== Material to process ==
************

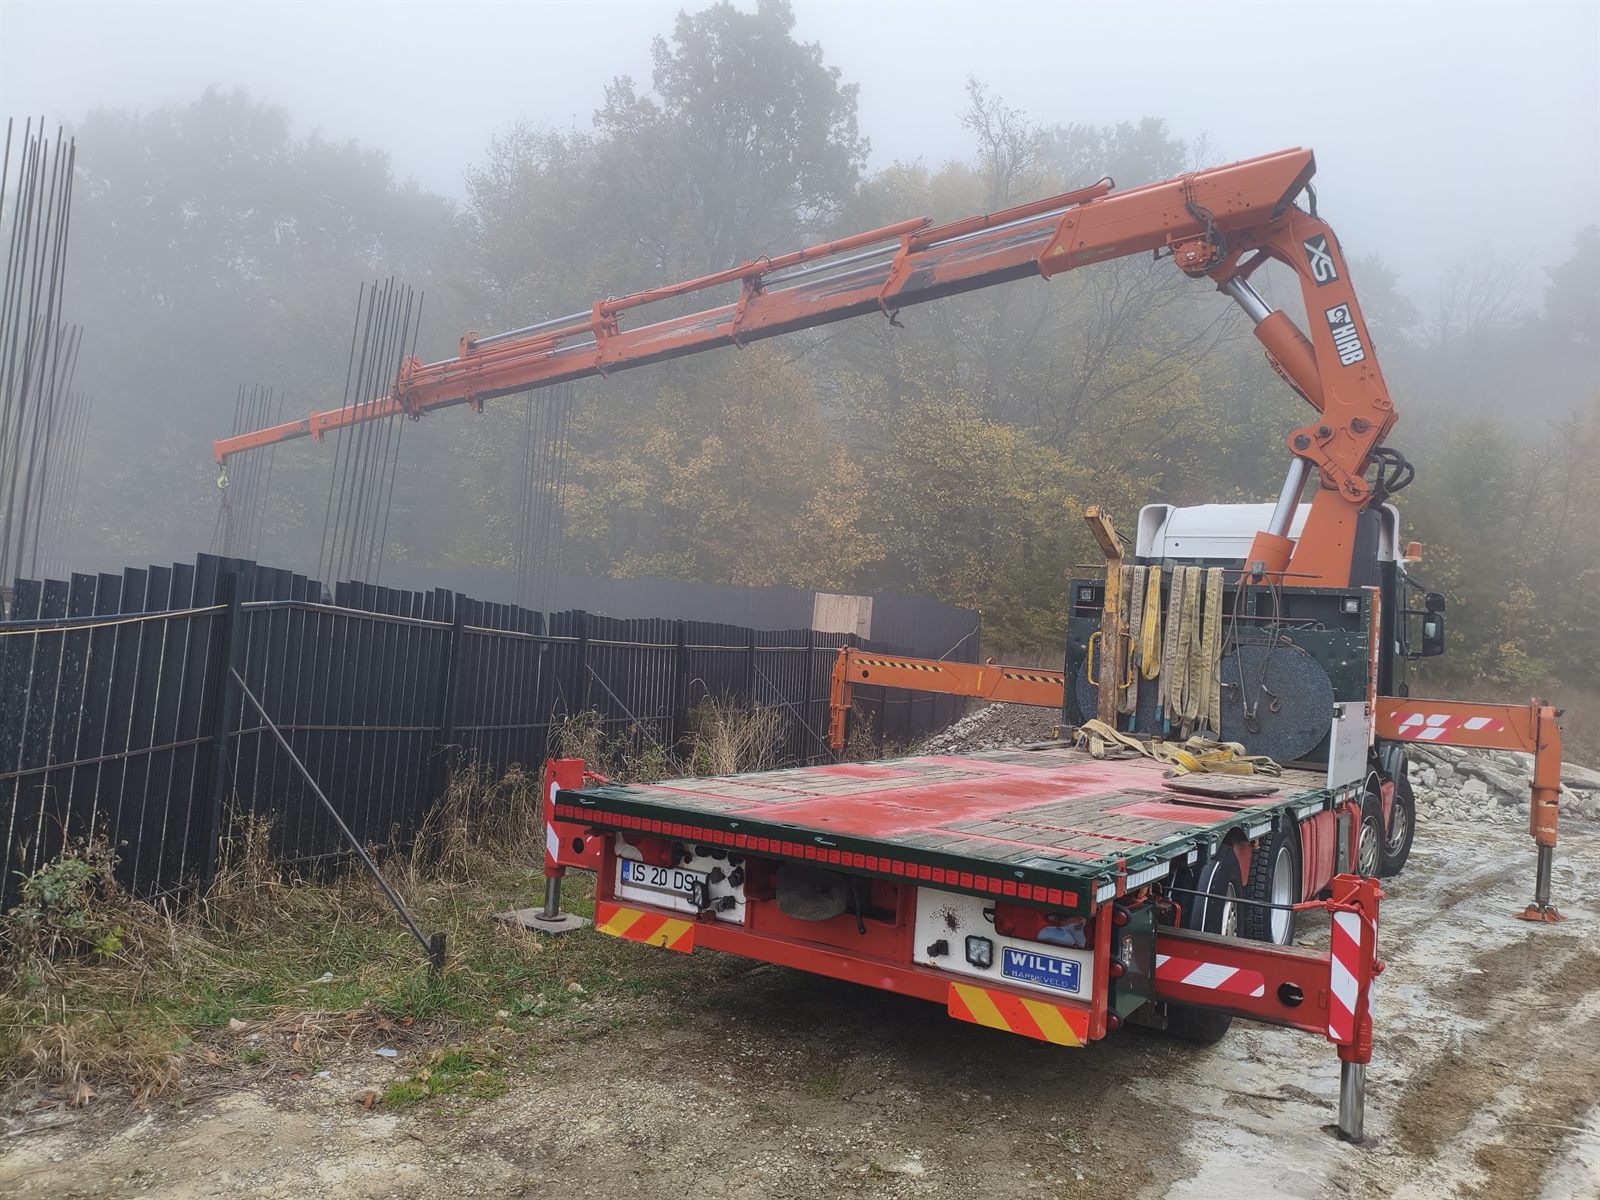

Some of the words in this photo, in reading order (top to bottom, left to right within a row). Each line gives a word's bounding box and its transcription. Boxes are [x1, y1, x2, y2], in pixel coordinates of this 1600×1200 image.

[1303, 239, 1337, 281] XS
[1331, 323, 1365, 366] HIAB
[632, 863, 646, 882] IS
[651, 867, 668, 886] 20
[673, 871, 699, 893] DS
[1010, 952, 1072, 977] WILLE
[1011, 970, 1068, 988] BARNEVELD
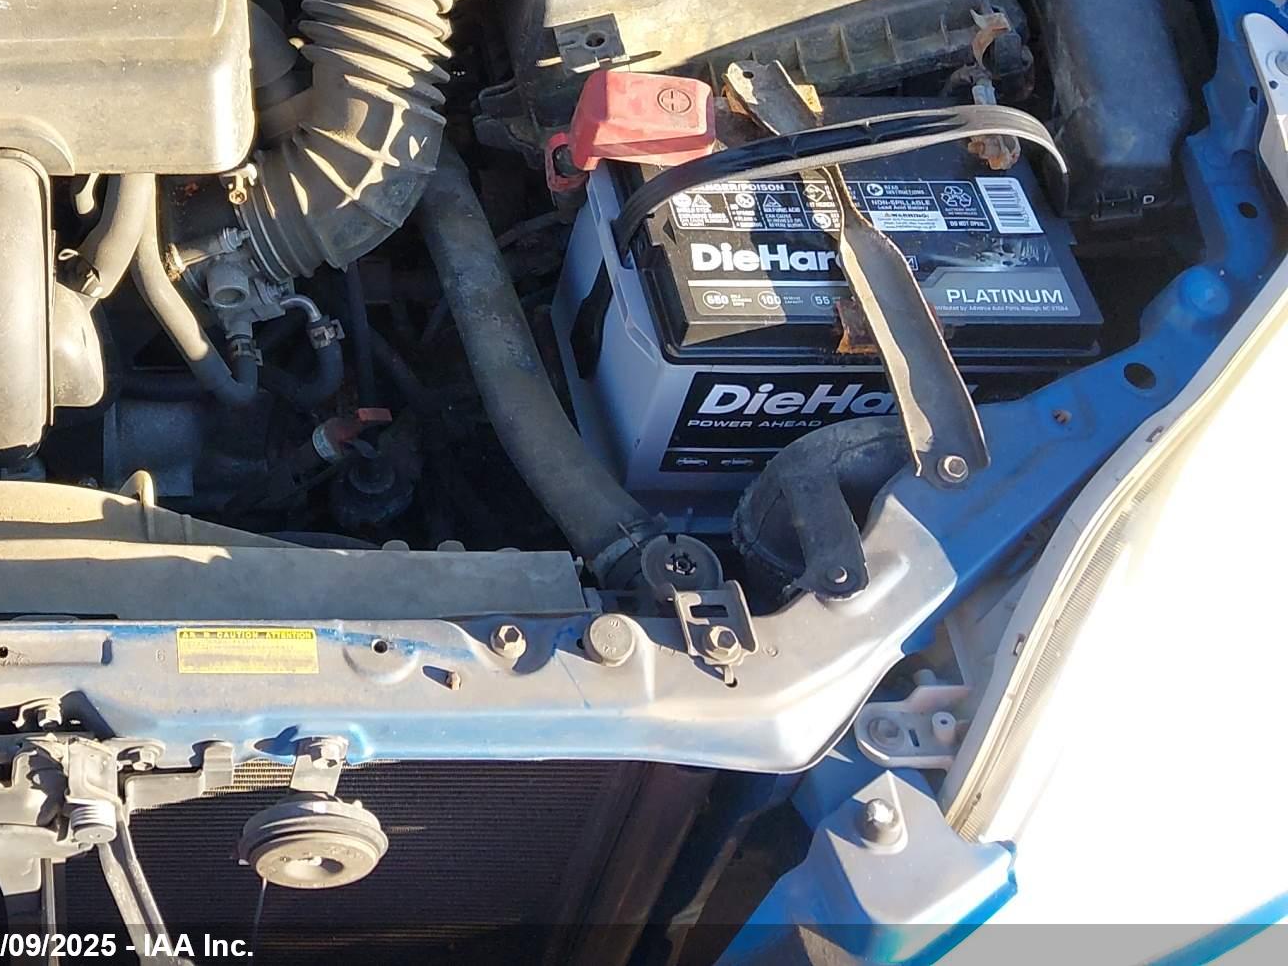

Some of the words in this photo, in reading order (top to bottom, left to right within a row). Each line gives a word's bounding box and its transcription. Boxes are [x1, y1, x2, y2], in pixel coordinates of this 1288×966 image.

************

== Your task ==
The reply must hold each line of the records verbatim and no pictures.

== Result of the task ==
Some of the words in this photo, in reading order (top to bottom, left to right within a row). Each line gives a word's bounding box and its transcription. Boxes are [x1, y1, x2, y2], in pixel coordinates of this 1600×1200 image.

[1303, 239, 1337, 281] XS
[1331, 323, 1365, 366] HIAB
[632, 863, 646, 882] IS
[651, 867, 668, 886] 20
[673, 871, 699, 893] DS
[1010, 952, 1072, 977] WILLE
[1011, 970, 1068, 988] BARNEVELD

Some of the words in this photo, in reading order (top to bottom, left to right within a row). Each line gives a word's bounding box and its transcription. Boxes are [x1, y1, x2, y2], in pixel coordinates of this 1288×966 image.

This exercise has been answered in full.